Requirement - Every line from the one containing "this 1920×1440 image." through the last line below should be reproduced exactly; please include nothing else.

(Collected data)
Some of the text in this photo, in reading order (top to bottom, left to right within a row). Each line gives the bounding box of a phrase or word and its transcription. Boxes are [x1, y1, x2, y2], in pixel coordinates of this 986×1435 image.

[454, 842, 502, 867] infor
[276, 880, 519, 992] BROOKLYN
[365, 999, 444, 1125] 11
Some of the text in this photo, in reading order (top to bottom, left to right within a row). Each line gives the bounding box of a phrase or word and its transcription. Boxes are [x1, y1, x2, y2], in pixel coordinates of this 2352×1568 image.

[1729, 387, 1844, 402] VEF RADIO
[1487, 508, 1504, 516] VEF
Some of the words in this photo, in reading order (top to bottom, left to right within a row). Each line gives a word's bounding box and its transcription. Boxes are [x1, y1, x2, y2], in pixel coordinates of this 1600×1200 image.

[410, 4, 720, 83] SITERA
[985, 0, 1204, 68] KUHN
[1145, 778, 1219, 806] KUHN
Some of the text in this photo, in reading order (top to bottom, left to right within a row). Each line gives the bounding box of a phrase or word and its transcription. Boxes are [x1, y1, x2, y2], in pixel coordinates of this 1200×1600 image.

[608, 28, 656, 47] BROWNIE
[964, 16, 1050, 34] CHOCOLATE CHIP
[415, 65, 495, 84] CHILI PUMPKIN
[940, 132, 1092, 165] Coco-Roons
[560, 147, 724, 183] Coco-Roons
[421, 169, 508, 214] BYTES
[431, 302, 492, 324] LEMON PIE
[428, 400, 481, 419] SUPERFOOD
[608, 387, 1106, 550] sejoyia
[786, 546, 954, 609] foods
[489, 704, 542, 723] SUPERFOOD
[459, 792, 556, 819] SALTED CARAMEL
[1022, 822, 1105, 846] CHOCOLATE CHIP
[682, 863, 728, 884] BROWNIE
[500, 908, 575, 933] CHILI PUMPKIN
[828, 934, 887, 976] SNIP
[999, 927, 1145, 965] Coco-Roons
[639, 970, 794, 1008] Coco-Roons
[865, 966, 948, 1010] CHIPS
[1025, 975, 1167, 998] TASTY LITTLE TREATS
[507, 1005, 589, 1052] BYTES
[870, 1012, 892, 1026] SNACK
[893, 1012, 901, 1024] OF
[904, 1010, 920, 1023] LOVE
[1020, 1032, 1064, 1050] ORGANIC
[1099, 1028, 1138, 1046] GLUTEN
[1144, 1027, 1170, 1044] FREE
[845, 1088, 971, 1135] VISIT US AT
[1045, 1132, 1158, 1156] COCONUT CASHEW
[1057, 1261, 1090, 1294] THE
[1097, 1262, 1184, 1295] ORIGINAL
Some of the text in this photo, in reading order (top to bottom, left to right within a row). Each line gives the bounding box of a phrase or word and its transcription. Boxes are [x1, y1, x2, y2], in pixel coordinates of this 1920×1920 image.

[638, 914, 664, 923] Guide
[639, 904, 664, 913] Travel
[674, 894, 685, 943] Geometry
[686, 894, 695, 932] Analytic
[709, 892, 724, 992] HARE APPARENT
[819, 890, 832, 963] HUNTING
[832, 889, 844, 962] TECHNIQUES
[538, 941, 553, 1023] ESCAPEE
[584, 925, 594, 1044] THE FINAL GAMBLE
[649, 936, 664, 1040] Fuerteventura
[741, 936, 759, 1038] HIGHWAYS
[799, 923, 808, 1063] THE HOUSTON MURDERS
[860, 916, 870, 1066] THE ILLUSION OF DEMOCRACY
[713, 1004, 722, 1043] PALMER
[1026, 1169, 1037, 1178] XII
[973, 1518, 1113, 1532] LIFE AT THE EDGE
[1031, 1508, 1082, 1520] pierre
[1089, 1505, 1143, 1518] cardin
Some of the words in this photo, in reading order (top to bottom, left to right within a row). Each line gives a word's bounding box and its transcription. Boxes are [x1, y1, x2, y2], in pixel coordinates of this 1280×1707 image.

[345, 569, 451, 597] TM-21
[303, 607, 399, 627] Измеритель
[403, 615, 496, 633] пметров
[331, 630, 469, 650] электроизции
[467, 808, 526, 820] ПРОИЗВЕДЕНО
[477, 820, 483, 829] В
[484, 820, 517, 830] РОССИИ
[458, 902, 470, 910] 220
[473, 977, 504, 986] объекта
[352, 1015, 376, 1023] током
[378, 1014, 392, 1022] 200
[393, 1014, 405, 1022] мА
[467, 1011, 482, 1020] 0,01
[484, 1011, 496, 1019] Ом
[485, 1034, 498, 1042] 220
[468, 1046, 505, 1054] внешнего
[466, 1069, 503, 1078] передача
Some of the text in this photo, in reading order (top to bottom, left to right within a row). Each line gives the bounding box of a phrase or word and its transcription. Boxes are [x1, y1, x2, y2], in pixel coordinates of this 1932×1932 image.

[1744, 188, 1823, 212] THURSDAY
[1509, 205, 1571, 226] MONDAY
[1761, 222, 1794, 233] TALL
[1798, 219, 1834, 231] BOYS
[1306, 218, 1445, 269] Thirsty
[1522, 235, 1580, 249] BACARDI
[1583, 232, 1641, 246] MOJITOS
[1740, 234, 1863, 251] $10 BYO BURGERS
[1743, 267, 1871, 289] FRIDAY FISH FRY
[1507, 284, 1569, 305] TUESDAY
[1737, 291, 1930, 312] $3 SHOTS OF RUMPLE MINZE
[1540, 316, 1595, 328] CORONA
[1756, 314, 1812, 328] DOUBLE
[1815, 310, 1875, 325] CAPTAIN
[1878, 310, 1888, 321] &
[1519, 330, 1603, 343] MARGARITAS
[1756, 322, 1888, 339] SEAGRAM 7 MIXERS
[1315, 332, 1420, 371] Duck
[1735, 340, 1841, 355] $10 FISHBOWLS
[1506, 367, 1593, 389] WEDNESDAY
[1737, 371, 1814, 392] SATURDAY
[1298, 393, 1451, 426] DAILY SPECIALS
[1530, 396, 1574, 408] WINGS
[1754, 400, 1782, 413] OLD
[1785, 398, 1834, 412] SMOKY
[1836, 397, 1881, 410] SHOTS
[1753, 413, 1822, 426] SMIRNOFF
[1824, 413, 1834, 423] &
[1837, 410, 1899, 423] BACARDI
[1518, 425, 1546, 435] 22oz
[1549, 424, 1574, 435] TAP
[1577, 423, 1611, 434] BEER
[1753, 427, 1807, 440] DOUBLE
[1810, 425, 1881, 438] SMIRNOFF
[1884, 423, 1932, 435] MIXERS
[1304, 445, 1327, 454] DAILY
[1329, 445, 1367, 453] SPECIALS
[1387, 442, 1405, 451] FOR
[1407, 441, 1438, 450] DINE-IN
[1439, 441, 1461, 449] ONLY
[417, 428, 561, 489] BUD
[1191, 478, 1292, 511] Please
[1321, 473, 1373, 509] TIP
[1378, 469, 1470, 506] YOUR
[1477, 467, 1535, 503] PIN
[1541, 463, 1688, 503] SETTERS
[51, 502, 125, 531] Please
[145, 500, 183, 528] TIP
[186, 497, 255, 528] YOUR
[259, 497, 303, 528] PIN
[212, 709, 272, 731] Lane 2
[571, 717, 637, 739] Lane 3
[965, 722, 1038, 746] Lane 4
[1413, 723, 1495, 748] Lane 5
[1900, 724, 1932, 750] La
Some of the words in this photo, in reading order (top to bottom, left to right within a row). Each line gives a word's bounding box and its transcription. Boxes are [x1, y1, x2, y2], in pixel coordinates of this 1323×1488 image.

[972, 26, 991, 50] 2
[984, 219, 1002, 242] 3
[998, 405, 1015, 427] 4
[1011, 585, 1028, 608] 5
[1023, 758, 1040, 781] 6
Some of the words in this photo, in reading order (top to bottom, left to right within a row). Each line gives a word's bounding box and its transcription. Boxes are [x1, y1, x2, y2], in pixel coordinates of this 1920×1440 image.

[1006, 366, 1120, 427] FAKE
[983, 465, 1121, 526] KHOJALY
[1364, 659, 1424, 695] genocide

Finished task -
Some of the words in this photo, in reading order (top to bottom, left to right within a row). Each line gives a word's bounding box and its transcription. Boxes are [x1, y1, x2, y2], in pixel coordinates of this 1920×1440 image.

[1006, 366, 1120, 427] FAKE
[983, 465, 1121, 526] KHOJALY
[1364, 659, 1424, 695] genocide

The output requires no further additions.